Résumé
Il faut malheureusement reconnaître que l’enseignement vétérinaire, non seulement n’a pas réussi à s’adapter en prévision des besoins futurs, mais a également échoué à répondre aux mutations sociétales déjà à l’œuvre, qui imposent de nouvelles exigences aux Services vétérinaires et demandent de nouvelles compétences aux vétérinaires. La responsabilité de cet échec incombe principalement aux enseignants, même si la vision de l’avenir et la capacité d’anticipation sont le fruit d’une démarche coordonnée associant les organisations vétérinaires nationales et internationales.
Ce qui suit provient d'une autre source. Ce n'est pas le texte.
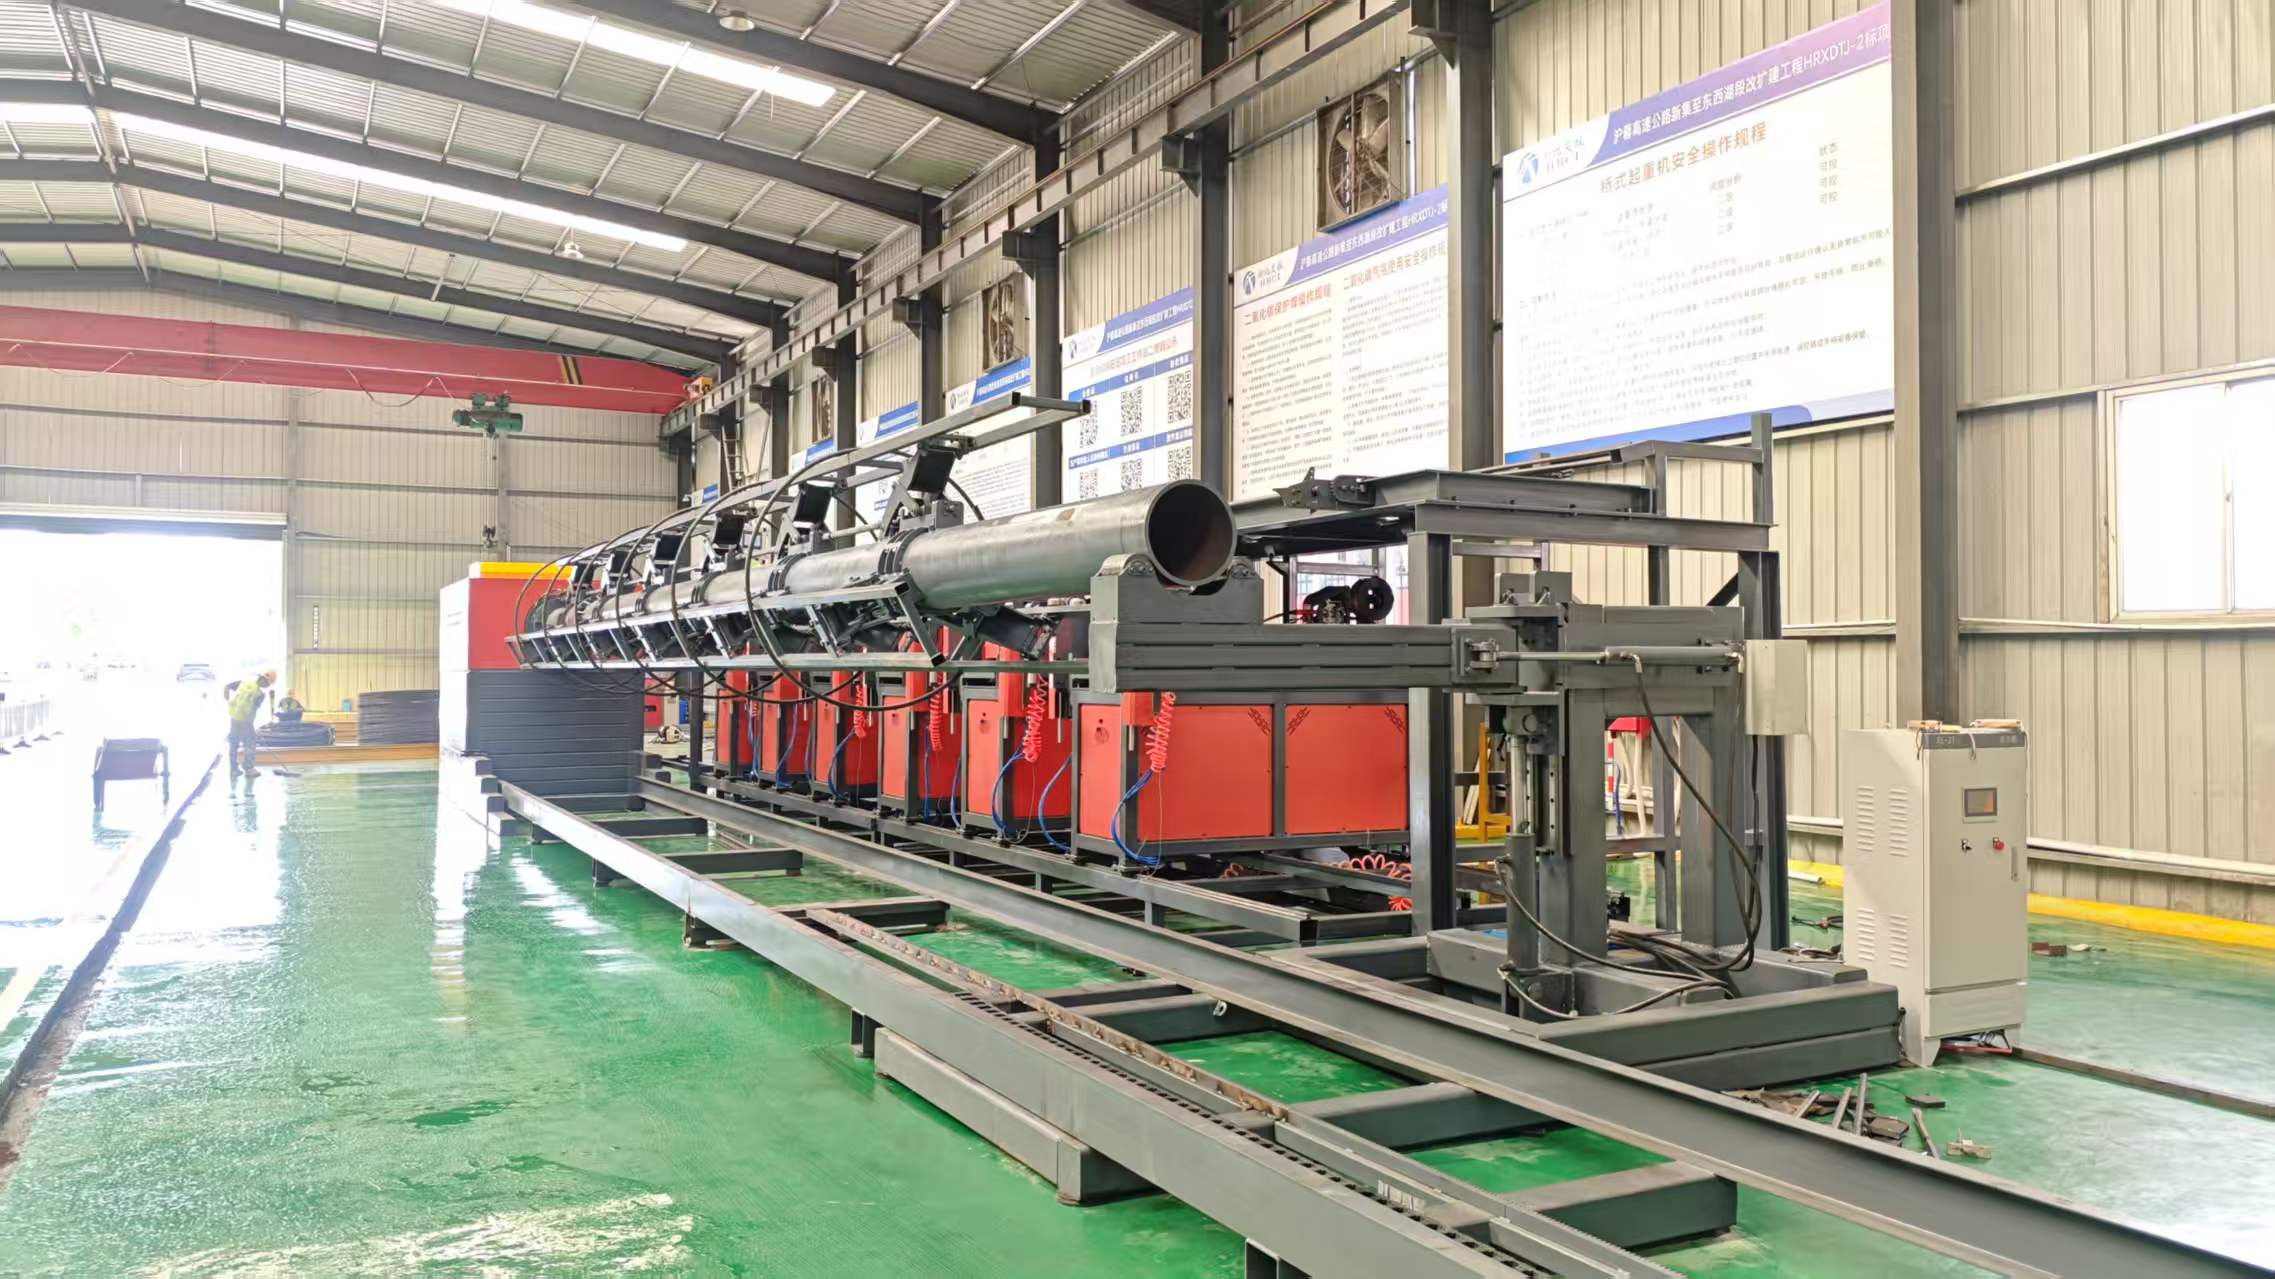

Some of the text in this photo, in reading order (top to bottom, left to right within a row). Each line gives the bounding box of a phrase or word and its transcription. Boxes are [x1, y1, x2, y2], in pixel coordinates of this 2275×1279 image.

[1600, 121, 1767, 193] 桥式起重机安全操作规程
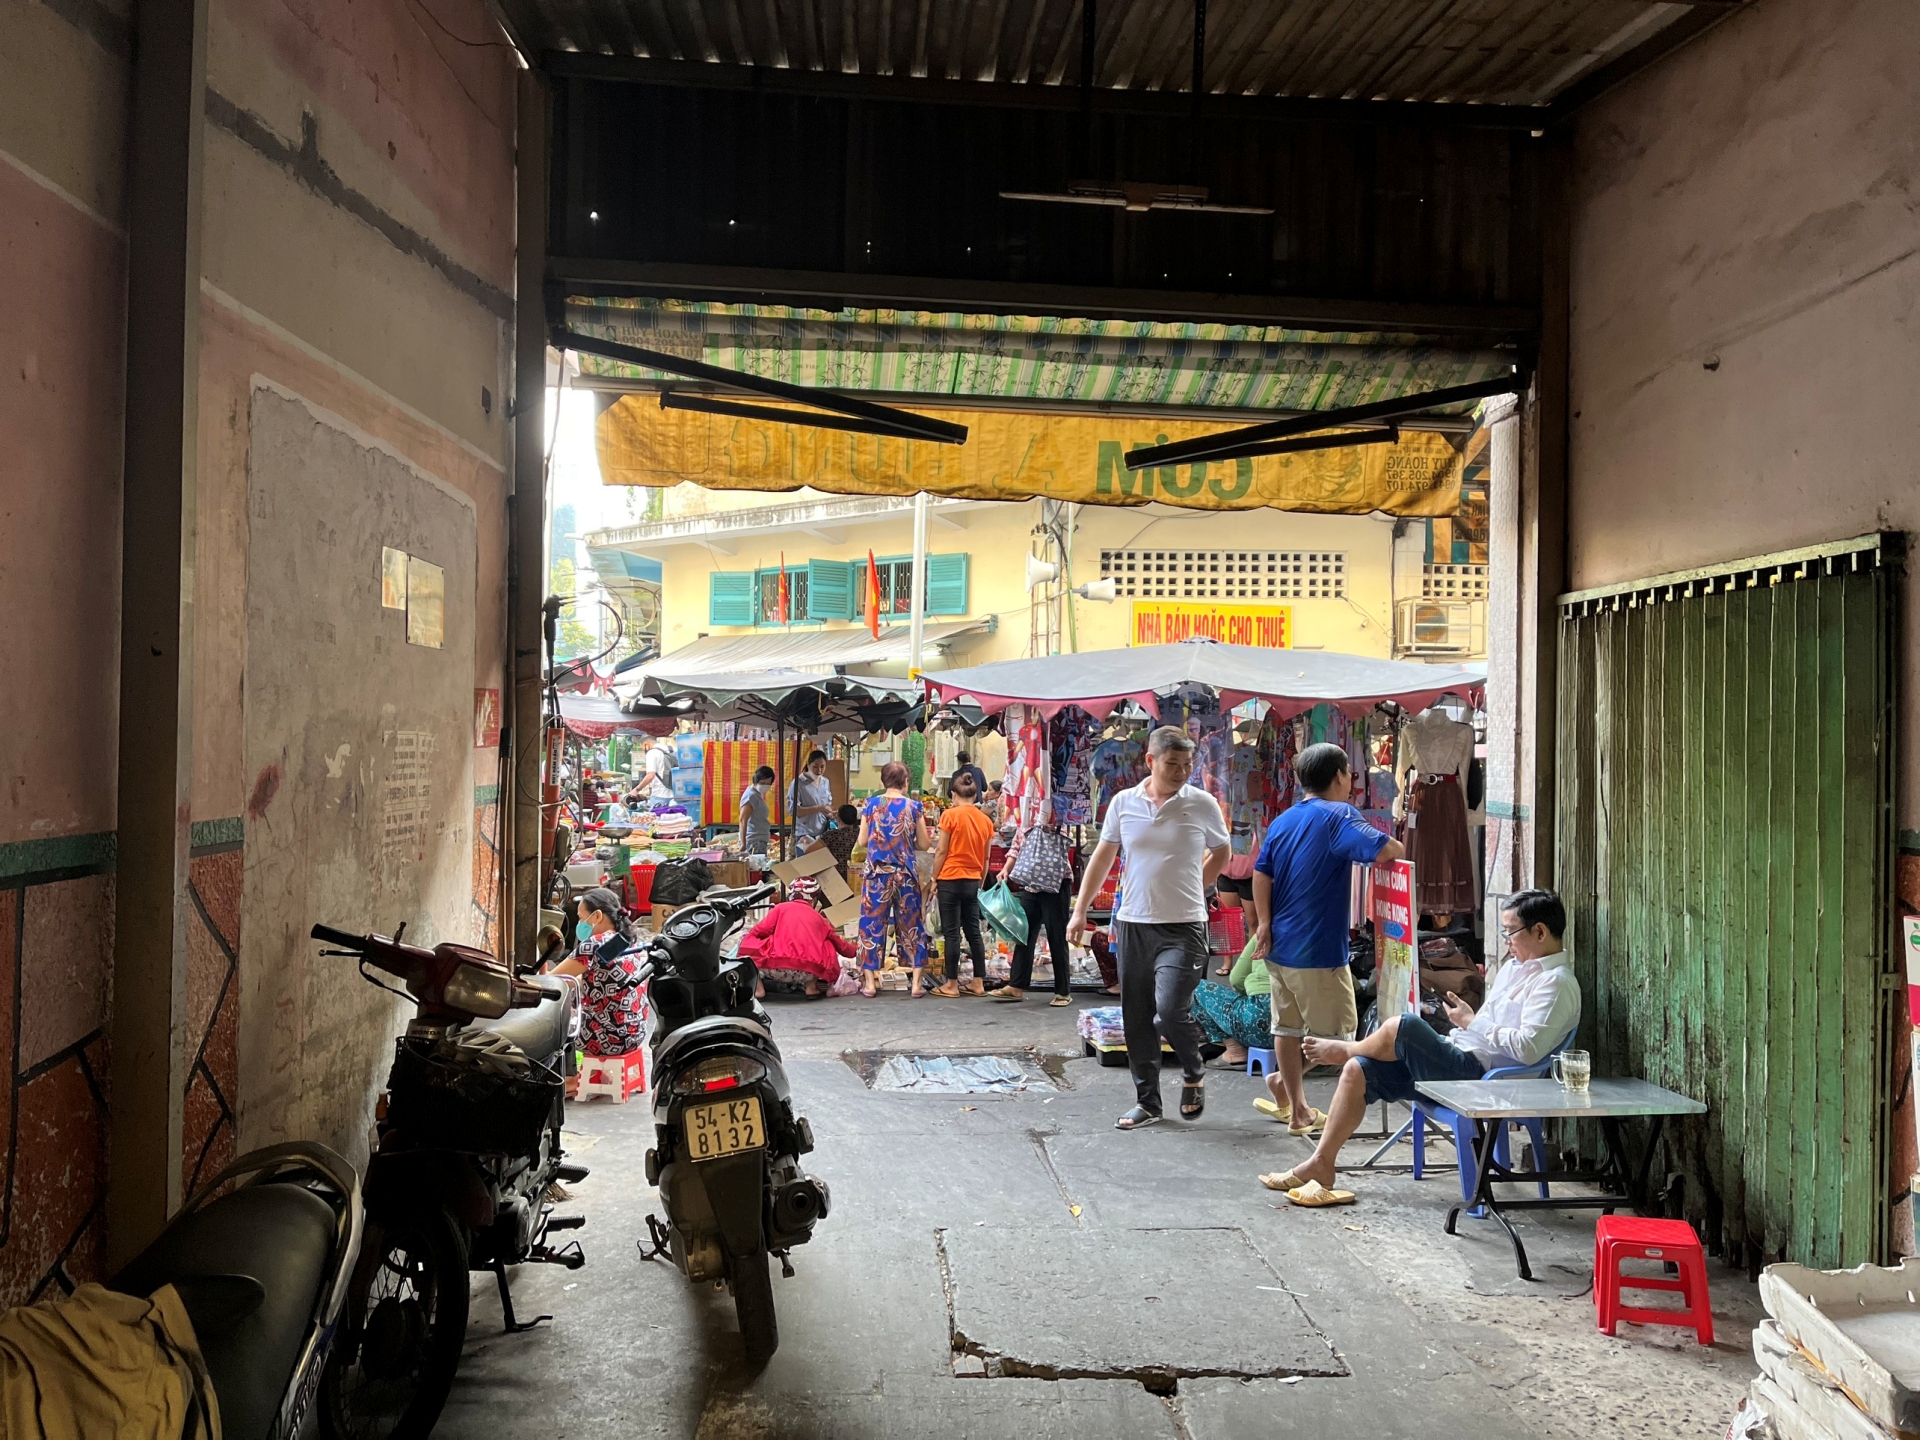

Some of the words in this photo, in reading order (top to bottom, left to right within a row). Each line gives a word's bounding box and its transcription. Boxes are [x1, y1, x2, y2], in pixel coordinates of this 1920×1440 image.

Une fois la nécessité du changement acceptée par toutes les parties prenantes, sa mise en œuvre ne peut réussir que s’il existe un programme unifié intégrant les écoles et les facultés, les agences de certification, les autorités délivrant les agréments, les gouvernements, les organisations professionnelles et les vétérinaires praticiens. Chacun a un rôle à jouer, et chacun peut facilement bloquer le processus. Une approche unifiée est une condition absolue. Les pays développés doivent assumer un rôle de chefs de file, mais les questions à résoudre sont mondiales et il s’agit de trouver des solutions permettant de faciliter le changement partout dans le monde. Les maladies ne connaissent pas de frontières et la puissance d’une stratégie ne dépasse jamais celle du plus faible de ses maillons.
 
Mots-clés
Anticipation – Certification – Délivrance des agréments – Réforme du programme d’enseignement – Rôle moteur unifié – Vision.